- [What is needed]: Nothing is to be altered; the data must be repeated exactly.

- [Data supplied]:
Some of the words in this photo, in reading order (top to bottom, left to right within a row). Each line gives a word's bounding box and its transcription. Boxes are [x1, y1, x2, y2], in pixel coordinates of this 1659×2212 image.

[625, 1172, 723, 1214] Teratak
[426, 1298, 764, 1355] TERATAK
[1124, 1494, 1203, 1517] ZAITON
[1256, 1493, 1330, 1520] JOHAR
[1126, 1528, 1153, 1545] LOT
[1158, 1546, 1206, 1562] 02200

- [Written solution]:
Some of the words in this photo, in reading order (top to bottom, left to right within a row). Each line gives a word's bounding box and its transcription. Boxes are [x1, y1, x2, y2], in pixel coordinates of this 1659×2212 image.

[625, 1172, 723, 1214] Teratak
[426, 1298, 764, 1355] TERATAK
[1124, 1494, 1203, 1517] ZAITON
[1256, 1493, 1330, 1520] JOHAR
[1126, 1528, 1153, 1545] LOT
[1158, 1546, 1206, 1562] 02200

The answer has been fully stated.